What to do:
What is needed here is an exact copy of every record below.

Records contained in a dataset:
################
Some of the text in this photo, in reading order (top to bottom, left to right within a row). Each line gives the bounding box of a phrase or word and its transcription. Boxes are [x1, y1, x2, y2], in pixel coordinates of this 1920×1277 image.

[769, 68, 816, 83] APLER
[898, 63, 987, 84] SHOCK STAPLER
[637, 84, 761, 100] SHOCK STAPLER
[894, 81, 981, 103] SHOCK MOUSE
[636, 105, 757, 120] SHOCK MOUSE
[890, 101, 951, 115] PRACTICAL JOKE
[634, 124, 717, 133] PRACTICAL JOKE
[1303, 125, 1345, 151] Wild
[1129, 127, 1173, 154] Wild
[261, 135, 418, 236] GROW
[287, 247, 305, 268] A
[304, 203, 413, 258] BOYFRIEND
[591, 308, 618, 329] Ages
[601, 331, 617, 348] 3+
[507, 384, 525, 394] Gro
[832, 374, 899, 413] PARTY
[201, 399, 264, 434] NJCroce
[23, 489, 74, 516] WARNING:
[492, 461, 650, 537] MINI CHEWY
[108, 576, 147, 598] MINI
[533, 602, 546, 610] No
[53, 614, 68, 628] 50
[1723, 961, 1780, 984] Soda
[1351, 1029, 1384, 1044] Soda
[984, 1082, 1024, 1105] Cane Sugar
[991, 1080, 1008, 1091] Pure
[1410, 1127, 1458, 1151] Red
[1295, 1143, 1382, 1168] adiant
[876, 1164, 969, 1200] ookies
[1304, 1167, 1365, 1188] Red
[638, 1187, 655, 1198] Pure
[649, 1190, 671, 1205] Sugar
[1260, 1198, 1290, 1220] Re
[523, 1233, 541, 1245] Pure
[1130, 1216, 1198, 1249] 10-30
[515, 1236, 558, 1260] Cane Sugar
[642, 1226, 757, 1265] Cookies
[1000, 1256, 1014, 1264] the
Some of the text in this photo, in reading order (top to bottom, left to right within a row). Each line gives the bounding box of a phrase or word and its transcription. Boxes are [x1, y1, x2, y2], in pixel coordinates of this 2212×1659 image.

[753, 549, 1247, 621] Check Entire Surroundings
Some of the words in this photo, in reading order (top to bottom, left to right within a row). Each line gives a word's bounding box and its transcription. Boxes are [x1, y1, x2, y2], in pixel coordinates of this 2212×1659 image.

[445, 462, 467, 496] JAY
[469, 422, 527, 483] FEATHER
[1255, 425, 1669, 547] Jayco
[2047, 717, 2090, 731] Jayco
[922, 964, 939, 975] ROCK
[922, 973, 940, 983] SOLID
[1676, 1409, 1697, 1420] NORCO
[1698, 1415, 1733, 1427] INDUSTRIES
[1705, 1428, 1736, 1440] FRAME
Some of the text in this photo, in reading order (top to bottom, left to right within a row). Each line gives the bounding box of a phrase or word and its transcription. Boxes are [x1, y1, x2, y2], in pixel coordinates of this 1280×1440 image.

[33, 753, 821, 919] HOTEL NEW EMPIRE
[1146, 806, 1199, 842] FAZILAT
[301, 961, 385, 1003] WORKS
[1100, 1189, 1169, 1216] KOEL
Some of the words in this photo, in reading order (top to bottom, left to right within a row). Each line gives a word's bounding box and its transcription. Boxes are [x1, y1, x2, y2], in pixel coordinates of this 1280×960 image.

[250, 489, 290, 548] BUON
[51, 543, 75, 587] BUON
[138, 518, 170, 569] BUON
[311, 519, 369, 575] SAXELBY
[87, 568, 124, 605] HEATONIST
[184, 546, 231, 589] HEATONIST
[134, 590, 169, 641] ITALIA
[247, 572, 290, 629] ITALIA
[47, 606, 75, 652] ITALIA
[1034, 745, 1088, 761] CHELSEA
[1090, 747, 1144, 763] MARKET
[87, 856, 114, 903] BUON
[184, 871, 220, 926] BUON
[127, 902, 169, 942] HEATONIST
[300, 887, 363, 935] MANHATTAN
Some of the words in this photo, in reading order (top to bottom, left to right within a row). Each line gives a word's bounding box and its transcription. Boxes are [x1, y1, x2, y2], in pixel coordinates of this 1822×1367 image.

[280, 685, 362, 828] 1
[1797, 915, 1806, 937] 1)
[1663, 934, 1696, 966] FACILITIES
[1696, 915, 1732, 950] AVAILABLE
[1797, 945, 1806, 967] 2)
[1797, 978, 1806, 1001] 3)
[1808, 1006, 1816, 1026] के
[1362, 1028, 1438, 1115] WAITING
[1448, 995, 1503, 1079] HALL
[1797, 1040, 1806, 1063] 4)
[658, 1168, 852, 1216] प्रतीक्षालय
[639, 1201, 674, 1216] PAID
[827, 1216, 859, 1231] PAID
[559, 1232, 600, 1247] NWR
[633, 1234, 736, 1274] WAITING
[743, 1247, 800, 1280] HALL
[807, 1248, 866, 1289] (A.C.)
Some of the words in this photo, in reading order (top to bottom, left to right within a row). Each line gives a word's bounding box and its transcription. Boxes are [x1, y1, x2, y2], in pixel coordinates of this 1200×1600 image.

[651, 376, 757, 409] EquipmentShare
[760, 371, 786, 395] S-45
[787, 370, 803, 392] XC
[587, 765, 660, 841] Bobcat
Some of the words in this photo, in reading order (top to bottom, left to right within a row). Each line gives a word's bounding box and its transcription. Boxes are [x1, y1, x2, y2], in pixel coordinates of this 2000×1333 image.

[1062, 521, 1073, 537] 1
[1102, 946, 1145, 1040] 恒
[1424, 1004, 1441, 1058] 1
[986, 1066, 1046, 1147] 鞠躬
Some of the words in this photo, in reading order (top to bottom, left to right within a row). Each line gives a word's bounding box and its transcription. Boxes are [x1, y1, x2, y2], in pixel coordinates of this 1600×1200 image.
################
Exercise solution:
Some of the text in this photo, in reading order (top to bottom, left to right within a row). Each line gives the bounding box of a phrase or word and its transcription. Boxes are [x1, y1, x2, y2], in pixel coordinates of this 1920×1277 image.

[769, 68, 816, 83] APLER
[898, 63, 987, 84] SHOCK STAPLER
[637, 84, 761, 100] SHOCK STAPLER
[894, 81, 981, 103] SHOCK MOUSE
[636, 105, 757, 120] SHOCK MOUSE
[890, 101, 951, 115] PRACTICAL JOKE
[634, 124, 717, 133] PRACTICAL JOKE
[1303, 125, 1345, 151] Wild
[1129, 127, 1173, 154] Wild
[261, 135, 418, 236] GROW
[287, 247, 305, 268] A
[304, 203, 413, 258] BOYFRIEND
[591, 308, 618, 329] Ages
[601, 331, 617, 348] 3+
[507, 384, 525, 394] Gro
[832, 374, 899, 413] PARTY
[201, 399, 264, 434] NJCroce
[23, 489, 74, 516] WARNING:
[492, 461, 650, 537] MINI CHEWY
[108, 576, 147, 598] MINI
[533, 602, 546, 610] No
[53, 614, 68, 628] 50
[1723, 961, 1780, 984] Soda
[1351, 1029, 1384, 1044] Soda
[984, 1082, 1024, 1105] Cane Sugar
[991, 1080, 1008, 1091] Pure
[1410, 1127, 1458, 1151] Red
[1295, 1143, 1382, 1168] adiant
[876, 1164, 969, 1200] ookies
[1304, 1167, 1365, 1188] Red
[638, 1187, 655, 1198] Pure
[649, 1190, 671, 1205] Sugar
[1260, 1198, 1290, 1220] Re
[523, 1233, 541, 1245] Pure
[1130, 1216, 1198, 1249] 10-30
[515, 1236, 558, 1260] Cane Sugar
[642, 1226, 757, 1265] Cookies
[1000, 1256, 1014, 1264] the
Some of the text in this photo, in reading order (top to bottom, left to right within a row). Each line gives the bounding box of a phrase or word and its transcription. Boxes are [x1, y1, x2, y2], in pixel coordinates of this 2212×1659 image.

[753, 549, 1247, 621] Check Entire Surroundings
Some of the words in this photo, in reading order (top to bottom, left to right within a row). Each line gives a word's bounding box and its transcription. Boxes are [x1, y1, x2, y2], in pixel coordinates of this 2212×1659 image.

[445, 462, 467, 496] JAY
[469, 422, 527, 483] FEATHER
[1255, 425, 1669, 547] Jayco
[2047, 717, 2090, 731] Jayco
[922, 964, 939, 975] ROCK
[922, 973, 940, 983] SOLID
[1676, 1409, 1697, 1420] NORCO
[1698, 1415, 1733, 1427] INDUSTRIES
[1705, 1428, 1736, 1440] FRAME
Some of the text in this photo, in reading order (top to bottom, left to right within a row). Each line gives the bounding box of a phrase or word and its transcription. Boxes are [x1, y1, x2, y2], in pixel coordinates of this 1280×1440 image.

[33, 753, 821, 919] HOTEL NEW EMPIRE
[1146, 806, 1199, 842] FAZILAT
[301, 961, 385, 1003] WORKS
[1100, 1189, 1169, 1216] KOEL
Some of the words in this photo, in reading order (top to bottom, left to right within a row). Each line gives a word's bounding box and its transcription. Boxes are [x1, y1, x2, y2], in pixel coordinates of this 1280×960 image.

[250, 489, 290, 548] BUON
[51, 543, 75, 587] BUON
[138, 518, 170, 569] BUON
[311, 519, 369, 575] SAXELBY
[87, 568, 124, 605] HEATONIST
[184, 546, 231, 589] HEATONIST
[134, 590, 169, 641] ITALIA
[247, 572, 290, 629] ITALIA
[47, 606, 75, 652] ITALIA
[1034, 745, 1088, 761] CHELSEA
[1090, 747, 1144, 763] MARKET
[87, 856, 114, 903] BUON
[184, 871, 220, 926] BUON
[127, 902, 169, 942] HEATONIST
[300, 887, 363, 935] MANHATTAN
Some of the words in this photo, in reading order (top to bottom, left to right within a row). Each line gives a word's bounding box and its transcription. Boxes are [x1, y1, x2, y2], in pixel coordinates of this 1822×1367 image.

[280, 685, 362, 828] 1
[1797, 915, 1806, 937] 1)
[1663, 934, 1696, 966] FACILITIES
[1696, 915, 1732, 950] AVAILABLE
[1797, 945, 1806, 967] 2)
[1797, 978, 1806, 1001] 3)
[1808, 1006, 1816, 1026] के
[1362, 1028, 1438, 1115] WAITING
[1448, 995, 1503, 1079] HALL
[1797, 1040, 1806, 1063] 4)
[658, 1168, 852, 1216] प्रतीक्षालय
[639, 1201, 674, 1216] PAID
[827, 1216, 859, 1231] PAID
[559, 1232, 600, 1247] NWR
[633, 1234, 736, 1274] WAITING
[743, 1247, 800, 1280] HALL
[807, 1248, 866, 1289] (A.C.)
Some of the words in this photo, in reading order (top to bottom, left to right within a row). Each line gives a word's bounding box and its transcription. Boxes are [x1, y1, x2, y2], in pixel coordinates of this 1200×1600 image.

[651, 376, 757, 409] EquipmentShare
[760, 371, 786, 395] S-45
[787, 370, 803, 392] XC
[587, 765, 660, 841] Bobcat
Some of the words in this photo, in reading order (top to bottom, left to right within a row). Each line gives a word's bounding box and its transcription. Boxes are [x1, y1, x2, y2], in pixel coordinates of this 2000×1333 image.

[1062, 521, 1073, 537] 1
[1102, 946, 1145, 1040] 恒
[1424, 1004, 1441, 1058] 1
[986, 1066, 1046, 1147] 鞠躬
Some of the words in this photo, in reading order (top to bottom, left to right within a row). Each line gives a word's bounding box and its transcription. Boxes are [x1, y1, x2, y2], in pixel coordinates of this 1600×1200 image.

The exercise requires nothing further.